Appalachian Trail to Max Patch and Buckeye Ridge

Standing guard along the state line, Max Patch Mountain is a grassy bald with fabulous panoramic views of the surrounding North Carolina and Tennessee Great Smoky Mountains. Oh, and by the way, the celebrated Appalachian Trail crosses its 4,629 foot summit. So far as Southern Appalachian summits go, this one is moderately short and easy, but you can make a day of it by taking in one or more of the other trails found in the vicinity, including Buckeye Ridge. Another grassy bald itself, Buckeye Ridge sits off the southeastern shoulder of Max Patch, and about 400-500 feet below. The Buckeye Ridge Trail offers marvelous views of the eastern flank of Max Patch and even takes you into the forest. Just don’t end up like I did… five miles from where I wanted to be with little clue how to get back. This hike occurred on Wednesday, May 29, 2013 from 8:00am to 11:30am. My plan was to climb Max Patch from the trailhead on Max Patch Road, then follow the Appalachian Trail to its junction with Buckeye Ridge Trail. According to my map, Buckeye Ridge Trail skirted the east and south of Max Patch, returning to the original trailhead. What actually happened… was a little different.

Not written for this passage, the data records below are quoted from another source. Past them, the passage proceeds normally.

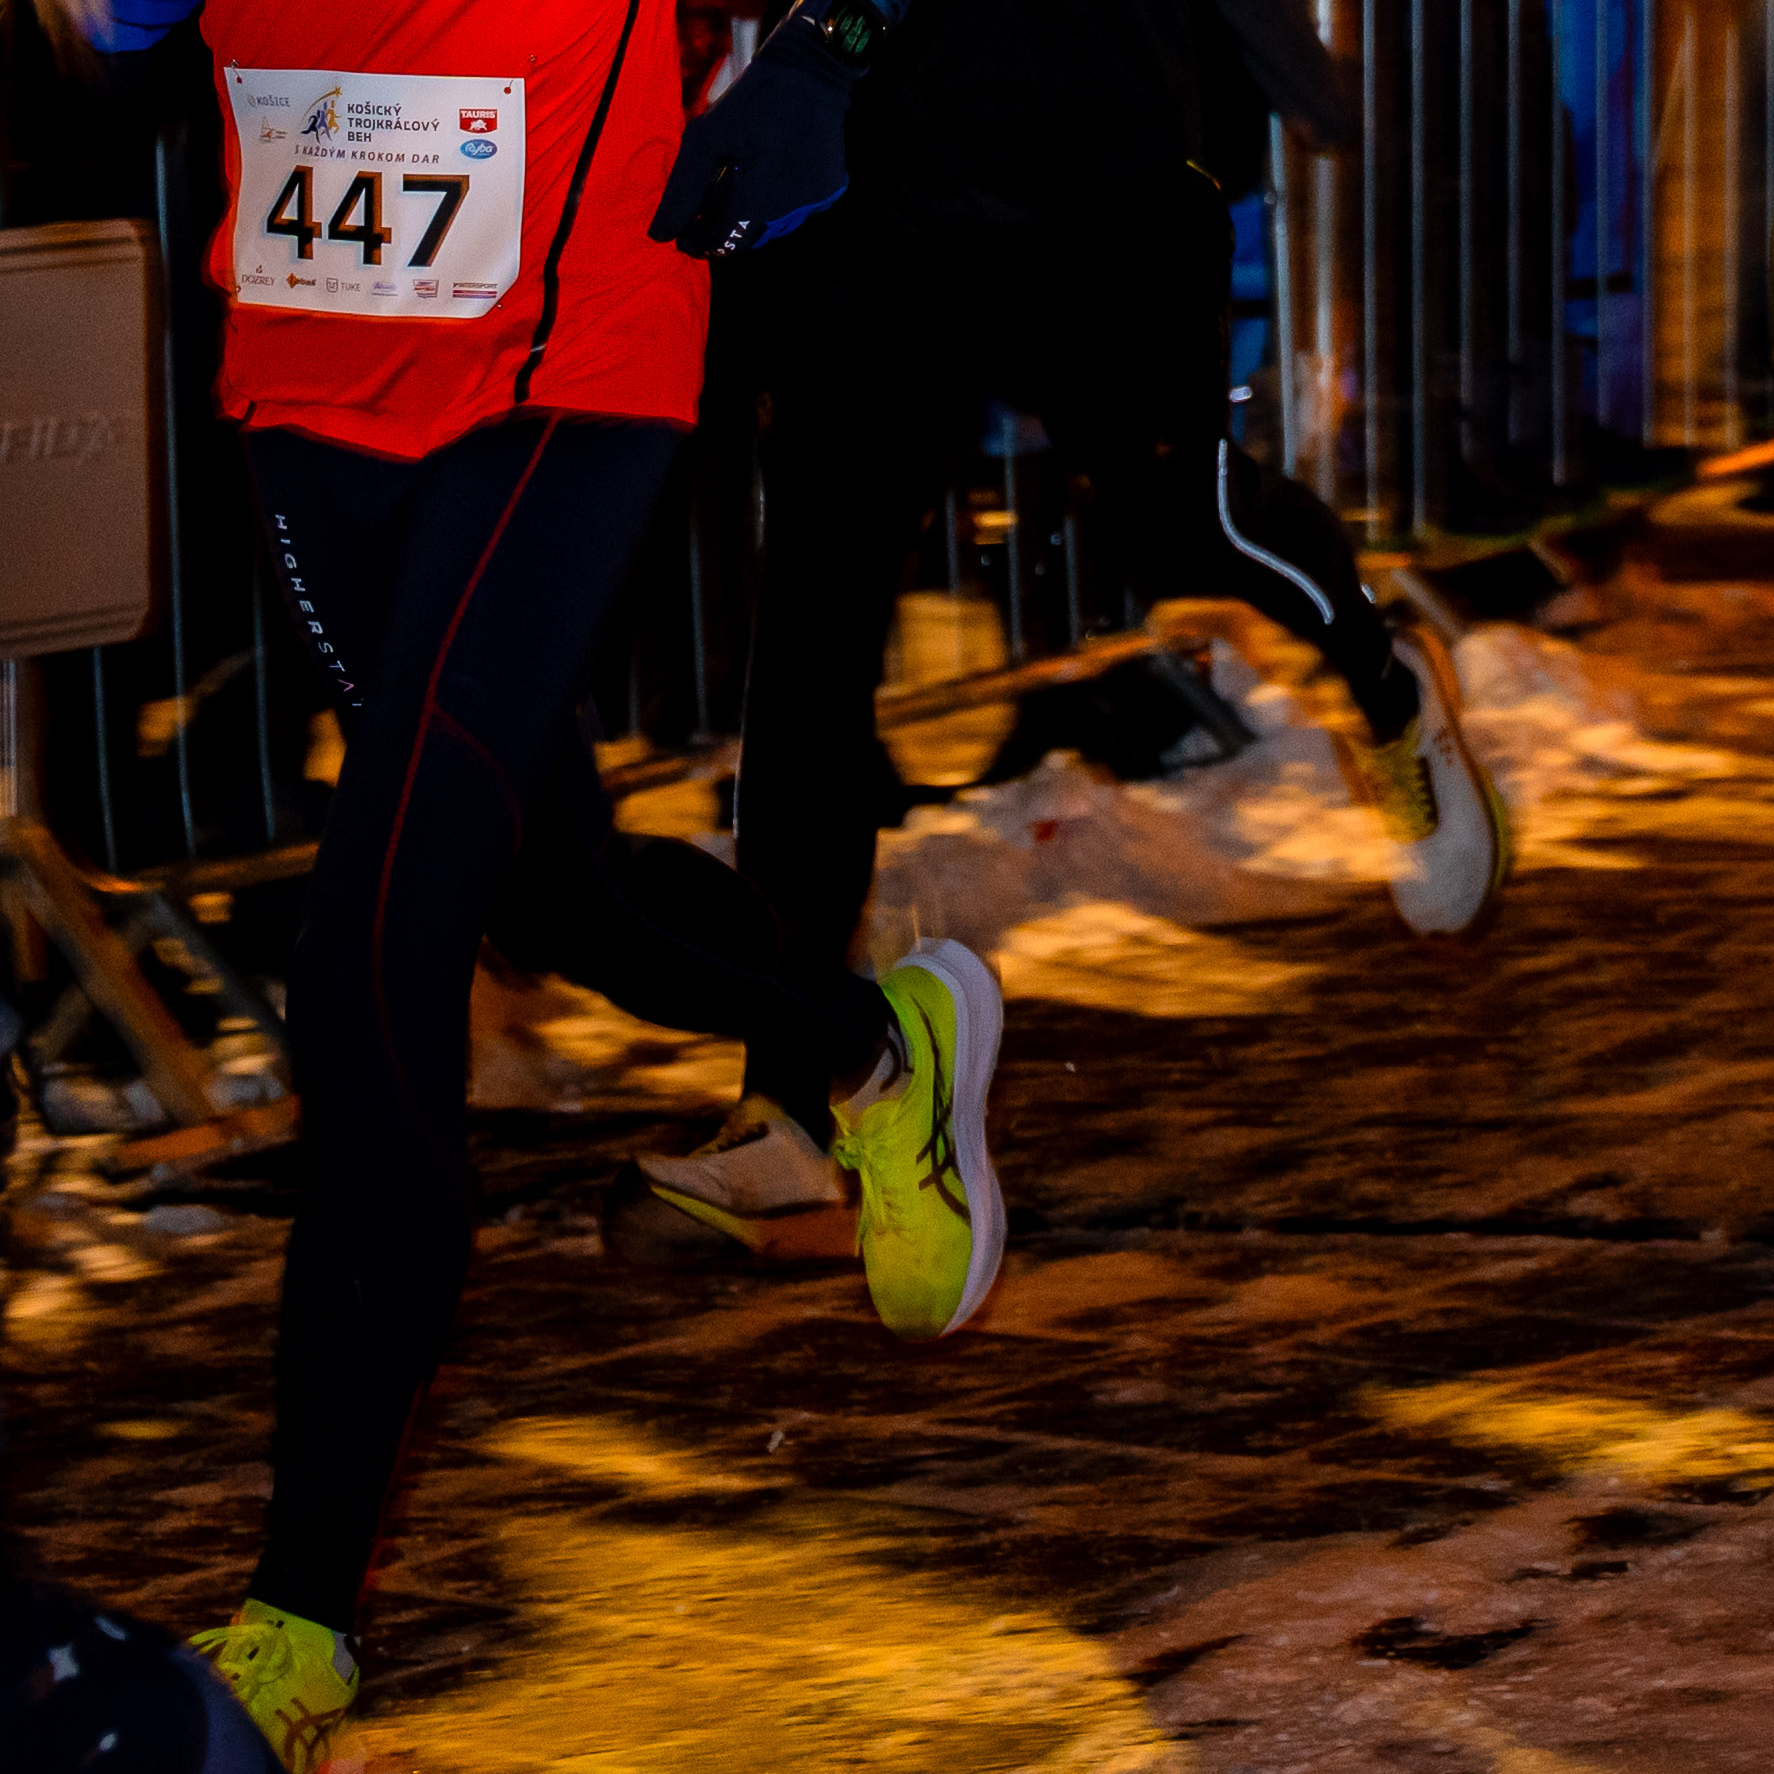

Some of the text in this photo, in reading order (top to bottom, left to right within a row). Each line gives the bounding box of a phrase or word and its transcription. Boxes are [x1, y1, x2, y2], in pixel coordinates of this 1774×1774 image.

[257, 94, 291, 108] KOŠICE
[347, 101, 402, 117] KOŠICKÝ
[460, 110, 496, 119] TAURIS
[347, 116, 440, 132] TROJKRÁĽOVÝ
[347, 131, 372, 143] BEH
[302, 146, 346, 159] KAŽDÝM
[351, 150, 406, 164] KROKOM
[411, 154, 440, 164] DAR
[464, 141, 494, 157] Ryba
[265, 164, 471, 268] 447
[340, 282, 361, 292] TUKE
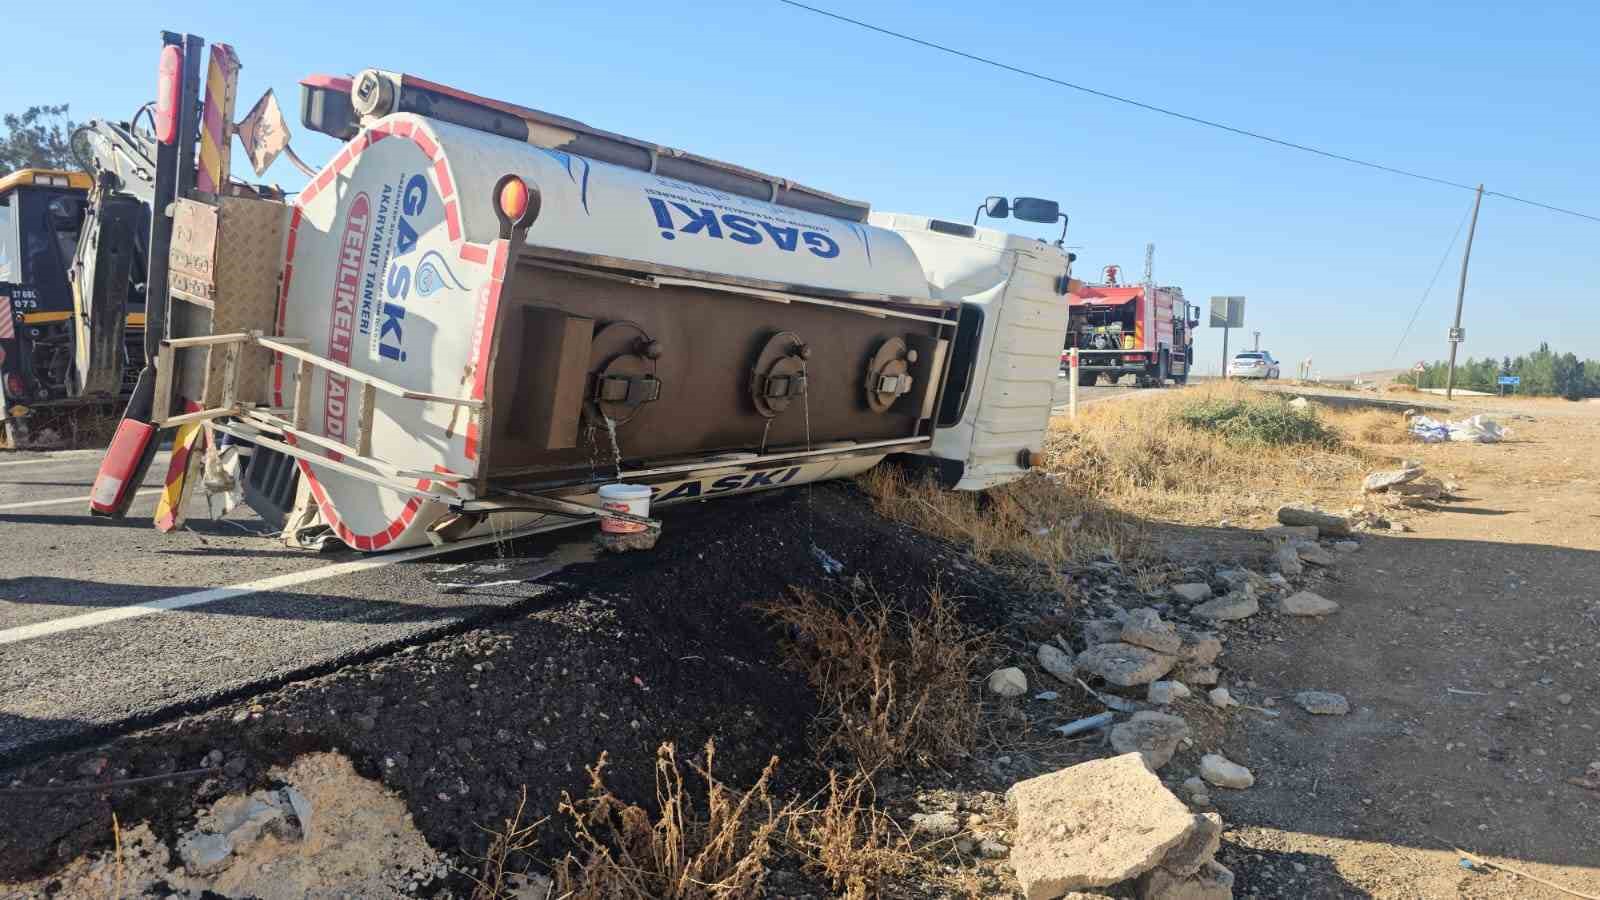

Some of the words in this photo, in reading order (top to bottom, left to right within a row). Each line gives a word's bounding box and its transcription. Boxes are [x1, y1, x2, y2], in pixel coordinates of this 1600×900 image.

[369, 184, 392, 266] AKARYAKIT
[648, 197, 840, 259] GASKİ
[332, 214, 368, 352] TEHLİKELİ
[360, 272, 376, 335] TANKERİ
[651, 467, 800, 501] ASKI
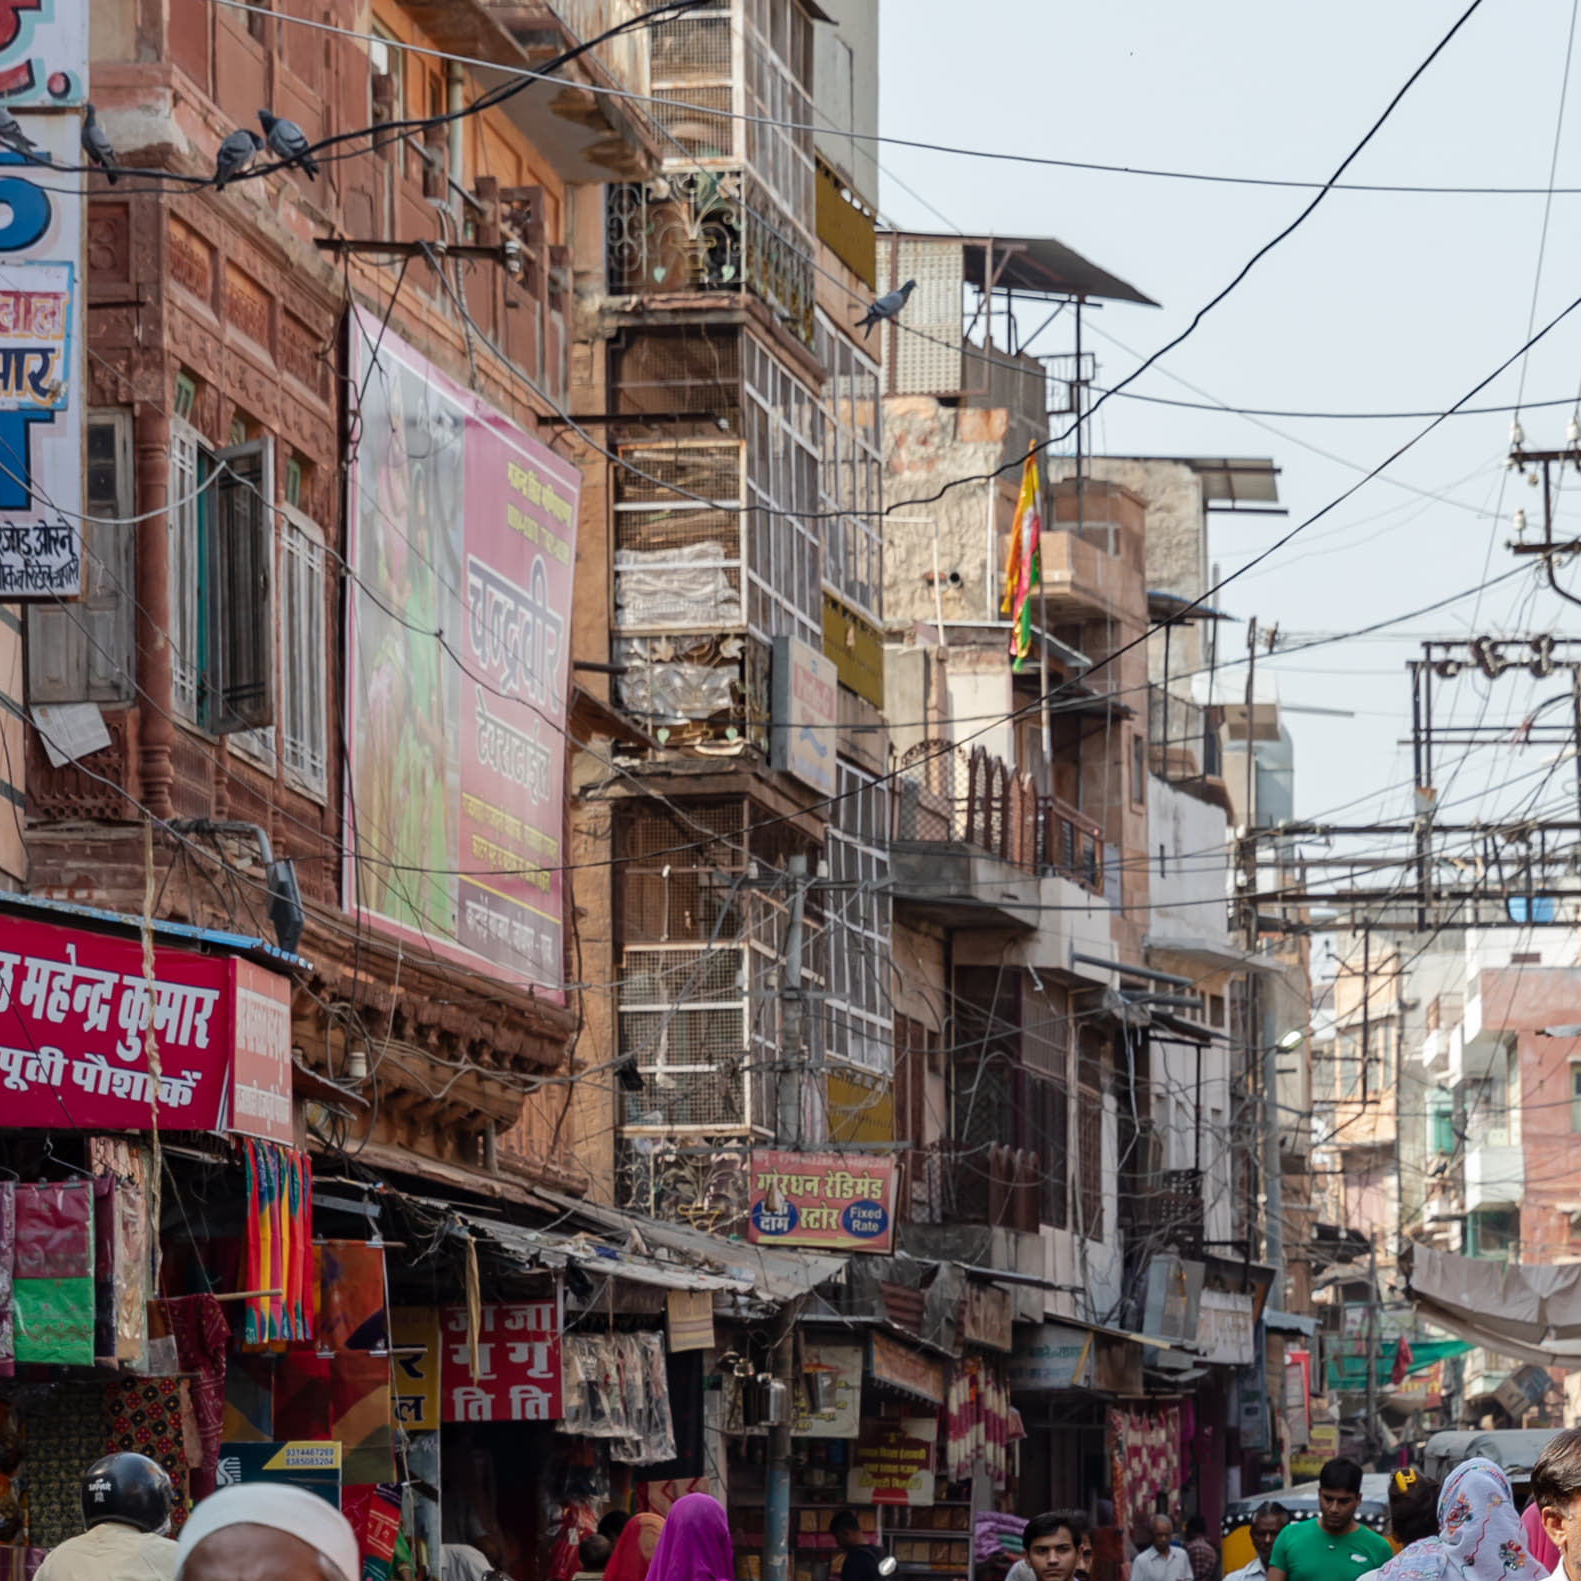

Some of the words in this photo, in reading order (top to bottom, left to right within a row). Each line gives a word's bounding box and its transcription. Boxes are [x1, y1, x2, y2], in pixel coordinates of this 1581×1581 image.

Hike Length: 8 miles Hike Duration: 3.5 hours Hike Configuration: Loop

Hike Rating: Moderately difficult, just one short climb of 500 feet up Max Patch.

Blaze: White Elevation Gain: 650 feet

Trail Condition: Appalachian Trail is very good as you would expect. Buckeye Ridge Trail is poorly marked and confusing, and overgrown in many areas.

Starting Point: Max Patch parking area on Max Patch Road.

Trail Traffic: I encountered two other hikers on the AT, none on Buckeye Ridge.

How to Get There: From either Tennessee or North Carolina take exit 24 on I-40 and turn north on Hwy 209. Go 8.1 miles where Hwy 209 makes a right turn. Continue on 209 north 11.8 more miles. Turn left on Caldwell Mountain Road and go 2.1 miles. Turn right on Meadow Fork Road for 1.7 miles. Turn left on Little Creek Road. After a few tenths, Little Creek becomes gravel. Go 3.5 miles and bear right on Max Patch Road. It is 1.5 miles to the well-marked parking area and trailhead.


I got an early start on the 90 minute drive to Max Patch, wanting to summit the mountain not long past dawn. When I exited I-40 onto Hwy 209, I entered rural Appalachia. This is horse and cattle country, and the foothills of the Smokies. As I continued north and westward the mountains got taller and the road curvier. The small communities along the way have names like Trust and Luck. On Meadow Fork Road there was this quaint country home where they painted the silo like a mural. The entire environment oozed southern charm. I could feel the intoxication that comes from the excitement of a new adventure.

The last five miles is gravel road, so beware of that when it’s been rainy. Speaking of rainy; this past January vandals took their four-wheel drive vehicles to the grassy fields of Max Patch when the ground was very wet and tore large gouges in the lush hillside. When I pulled into the parking area I could immediately see some of the remediation efforts that were made on the part of volunteers to prevent this type of vandalism from reoccurring. Large boulders surrounded the gravel parking. These could not be driven over, around, or through. Catawba rhododendron and mountain laurel were planted for beautification.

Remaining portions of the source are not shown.